What the exercise asks
Retype the records below word for word and omit any image.

START Task inputs

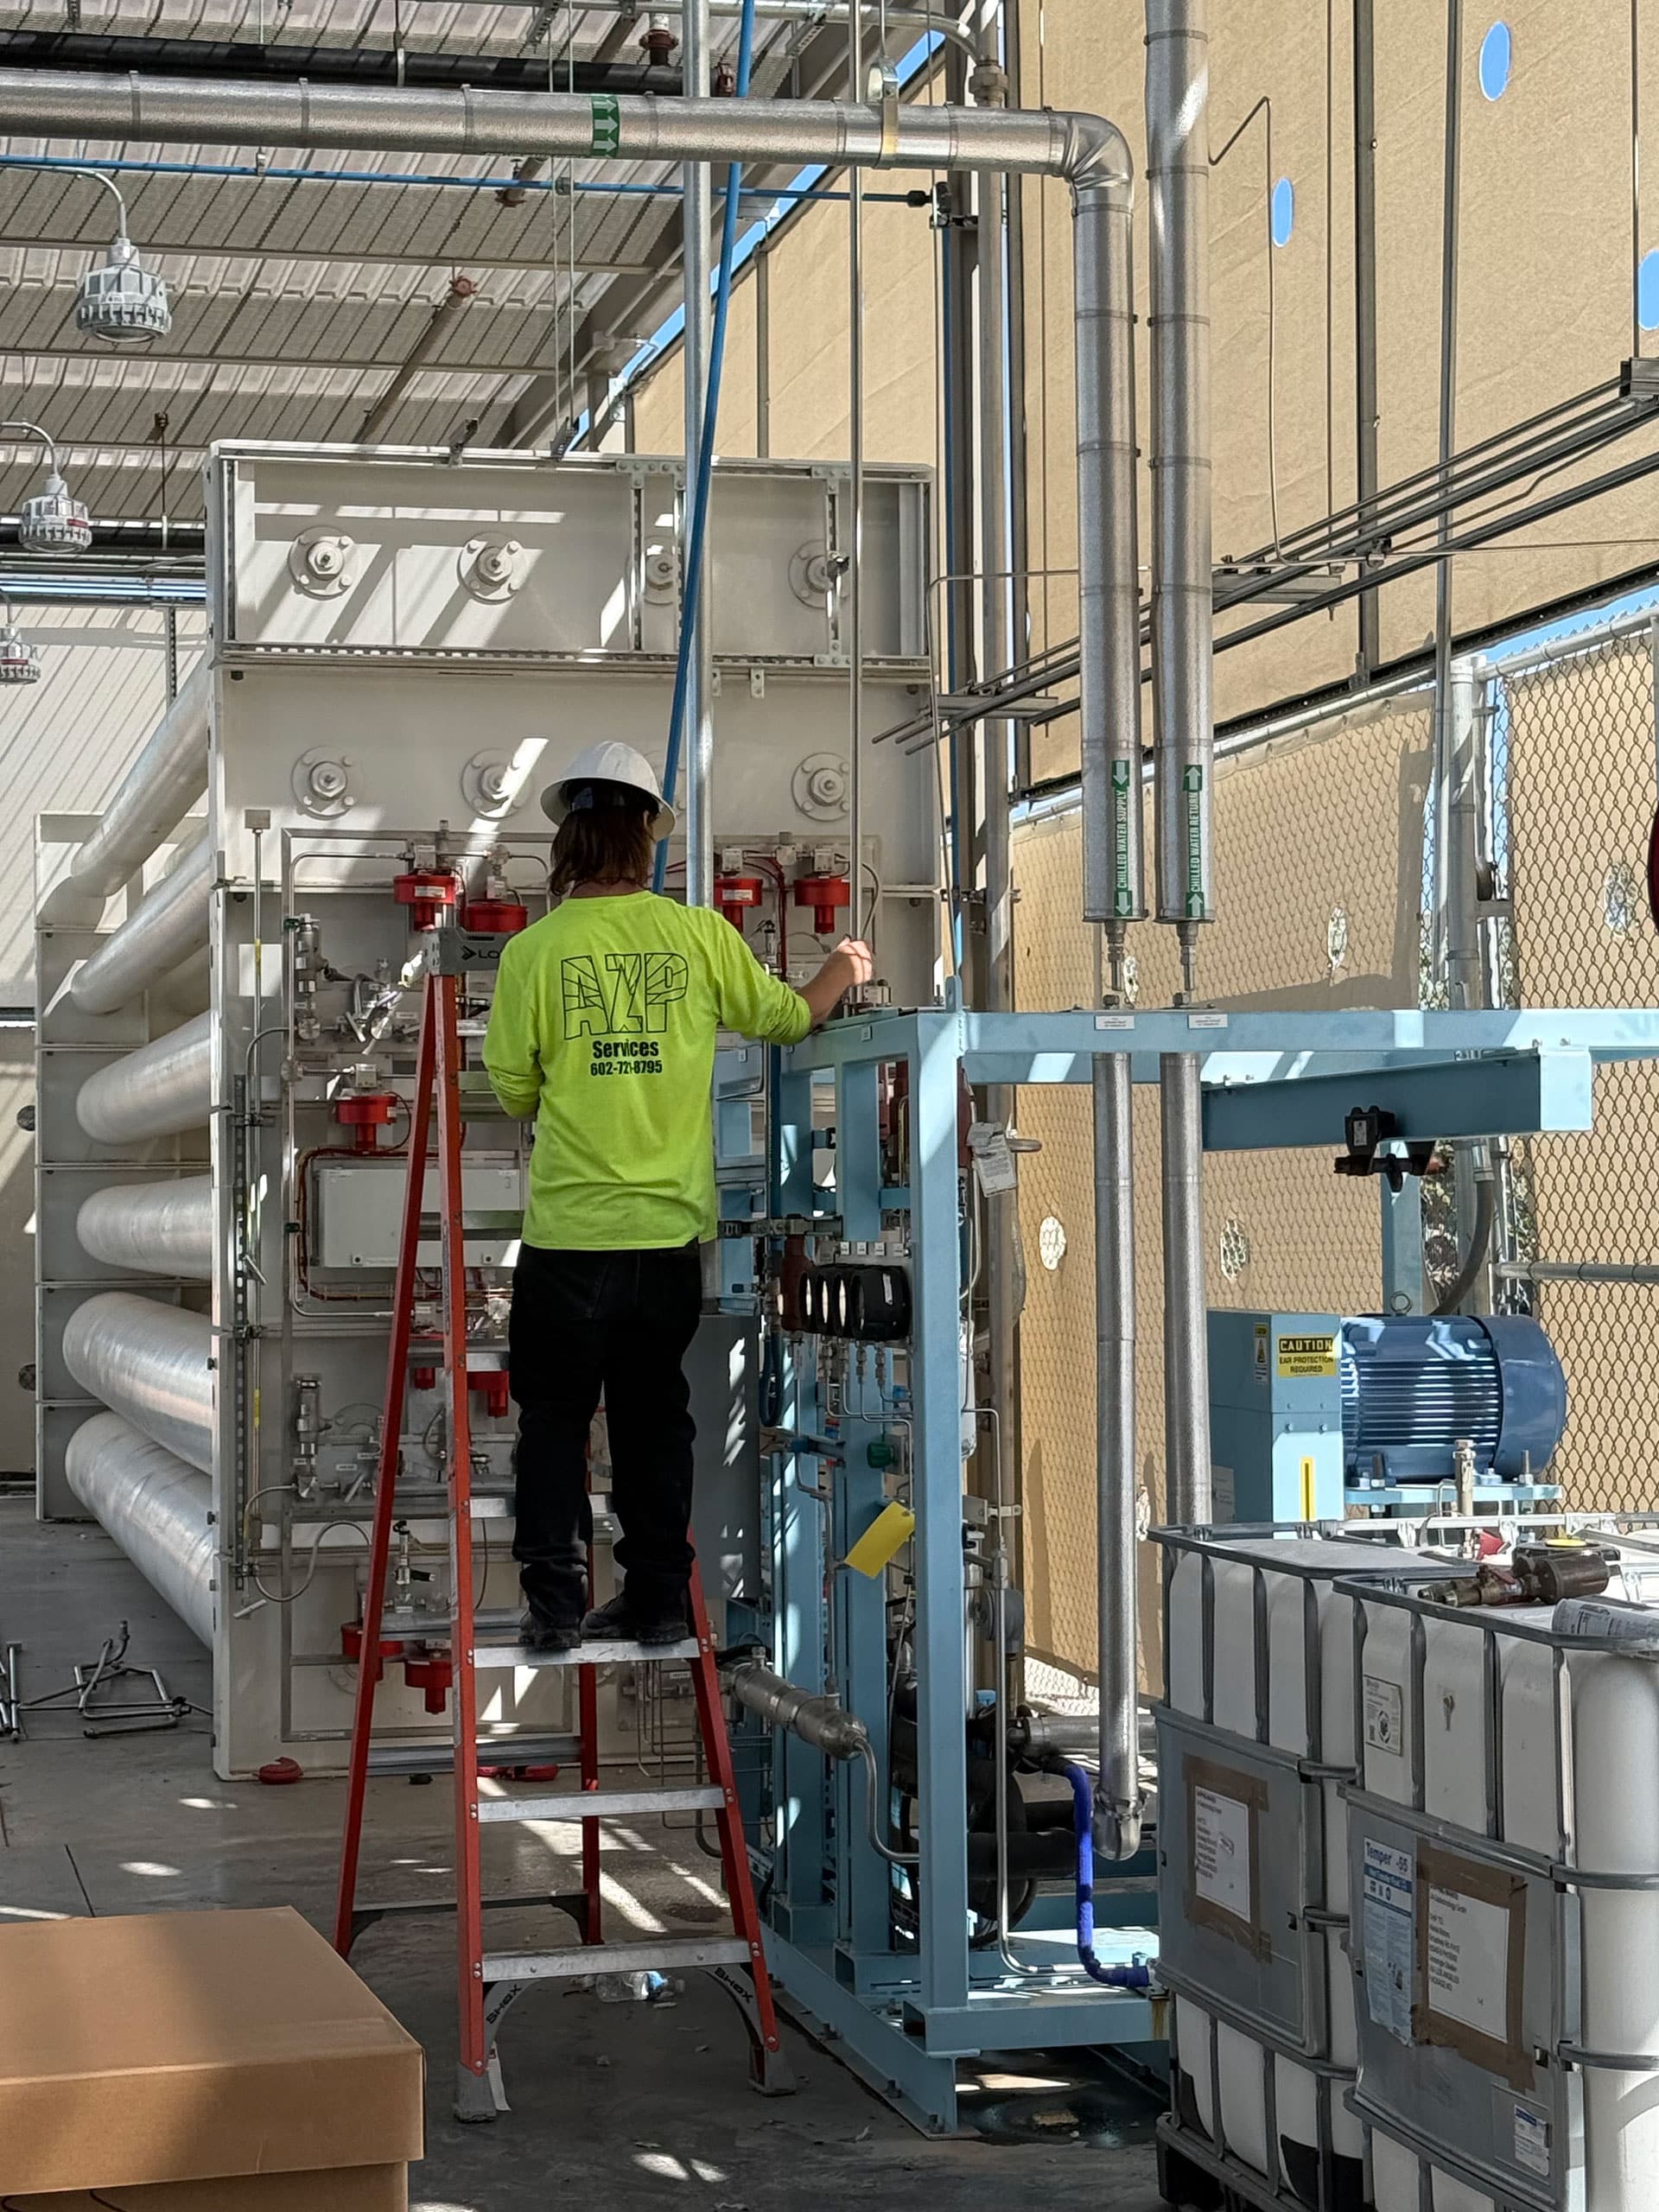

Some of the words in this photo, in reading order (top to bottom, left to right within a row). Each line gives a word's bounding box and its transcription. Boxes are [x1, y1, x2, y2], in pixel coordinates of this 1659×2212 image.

[1116, 790, 1127, 822] SUPPLY
[1188, 791, 1199, 826] RETURN
[1116, 823, 1128, 852] WATER
[1189, 827, 1200, 856] WATER
[1116, 854, 1128, 889] CHILLED
[1191, 857, 1201, 893] CHILLED
[592, 1039, 659, 1059] Services
[1281, 1340, 1332, 1351] CAUTION
[1293, 1355, 1333, 1364] PROTECTION
[1290, 1365, 1323, 1374] REQUIRED
[486, 1984, 522, 2024] SHOX
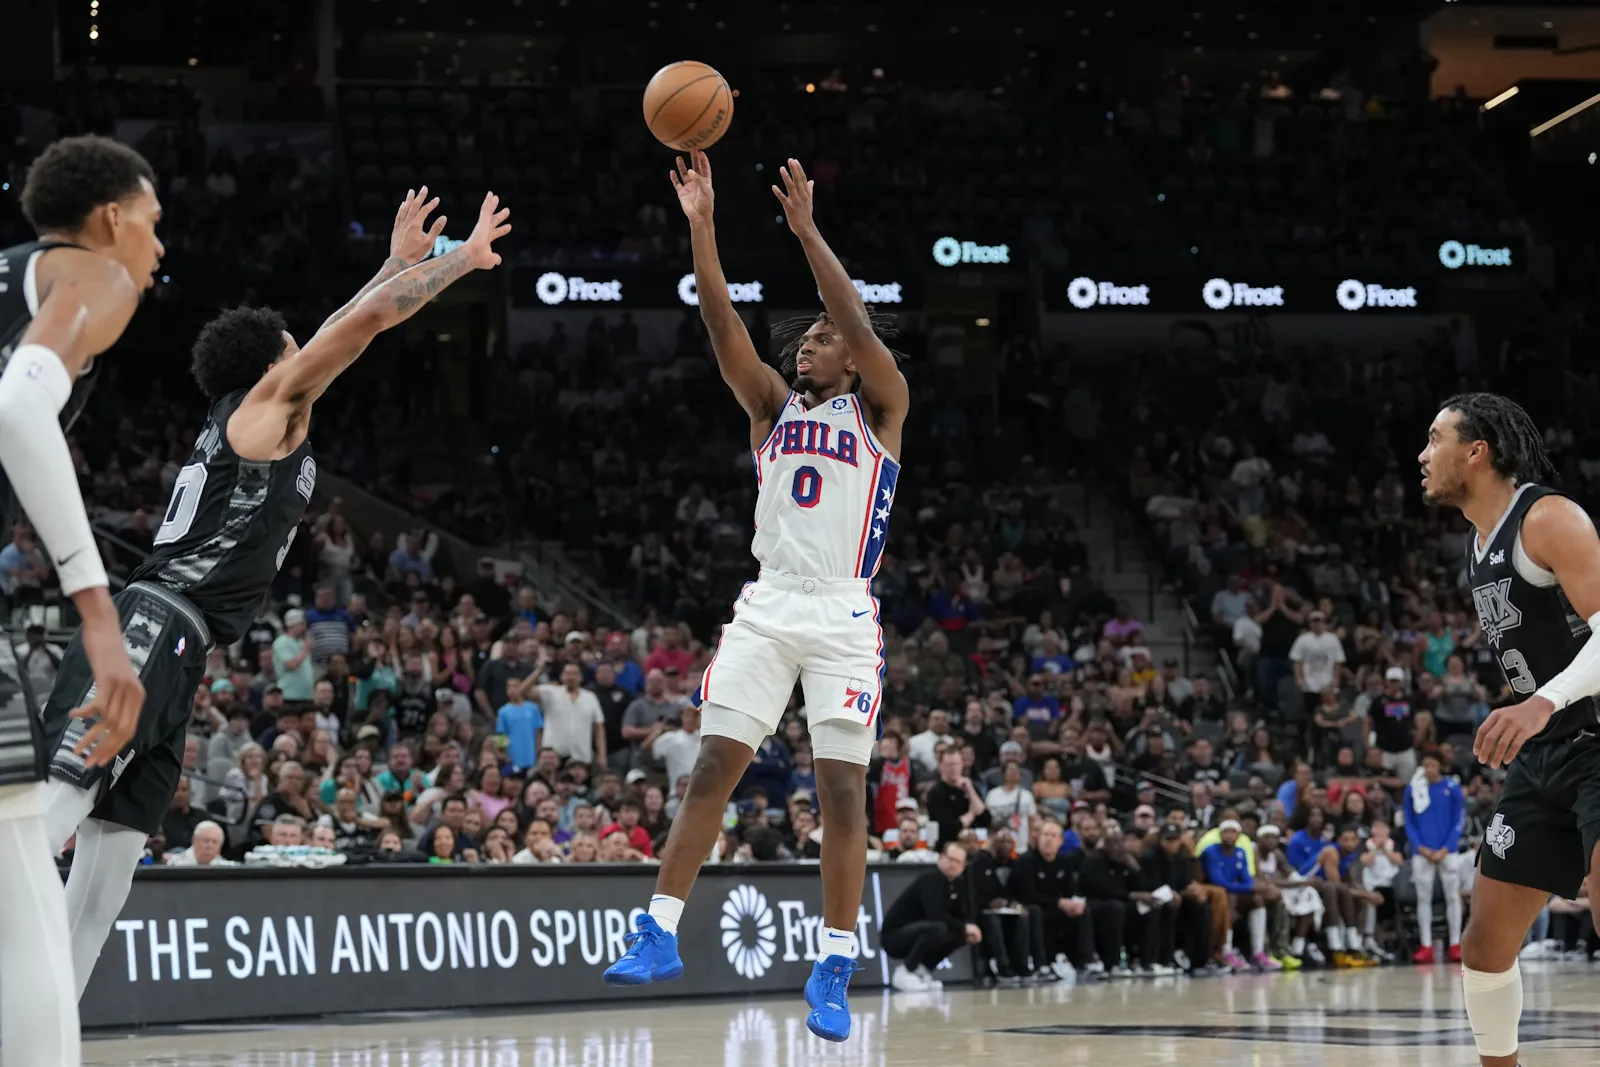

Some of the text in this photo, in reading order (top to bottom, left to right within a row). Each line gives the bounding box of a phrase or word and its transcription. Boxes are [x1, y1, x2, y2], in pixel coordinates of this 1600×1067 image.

[961, 240, 1010, 264] Frost
[1466, 244, 1511, 266] Frost
[568, 276, 623, 302] Frost
[1097, 281, 1150, 306] Frost
[1233, 282, 1285, 307] Frost
[1366, 283, 1418, 308] Frost
[769, 420, 858, 468] PHILA
[791, 465, 823, 508] 0
[843, 686, 872, 713] 76
[115, 917, 213, 982] THE
[224, 915, 317, 980] SAN
[330, 909, 519, 974] ANTONIO

END Task inputs

Final answer
Some of the words in this photo, in reading order (top to bottom, left to right within a row). Each line gives a word's bounding box and its transcription. Boxes are [x1, y1, x2, y2], in pixel coordinates of this 1659×2212 image.

[1116, 790, 1127, 822] SUPPLY
[1188, 791, 1199, 826] RETURN
[1116, 823, 1128, 852] WATER
[1189, 827, 1200, 856] WATER
[1116, 854, 1128, 889] CHILLED
[1191, 857, 1201, 893] CHILLED
[592, 1039, 659, 1059] Services
[1281, 1340, 1332, 1351] CAUTION
[1293, 1355, 1333, 1364] PROTECTION
[1290, 1365, 1323, 1374] REQUIRED
[486, 1984, 522, 2024] SHOX

Some of the text in this photo, in reading order (top to bottom, left to right within a row). Each line gives the bounding box of a phrase or word and its transcription. Boxes are [x1, y1, x2, y2], in pixel coordinates of this 1600×1067 image.

[961, 240, 1010, 264] Frost
[1466, 244, 1511, 266] Frost
[568, 276, 623, 302] Frost
[1097, 281, 1150, 306] Frost
[1233, 282, 1285, 307] Frost
[1366, 283, 1418, 308] Frost
[769, 420, 858, 468] PHILA
[791, 465, 823, 508] 0
[843, 686, 872, 713] 76
[115, 917, 213, 982] THE
[224, 915, 317, 980] SAN
[330, 909, 519, 974] ANTONIO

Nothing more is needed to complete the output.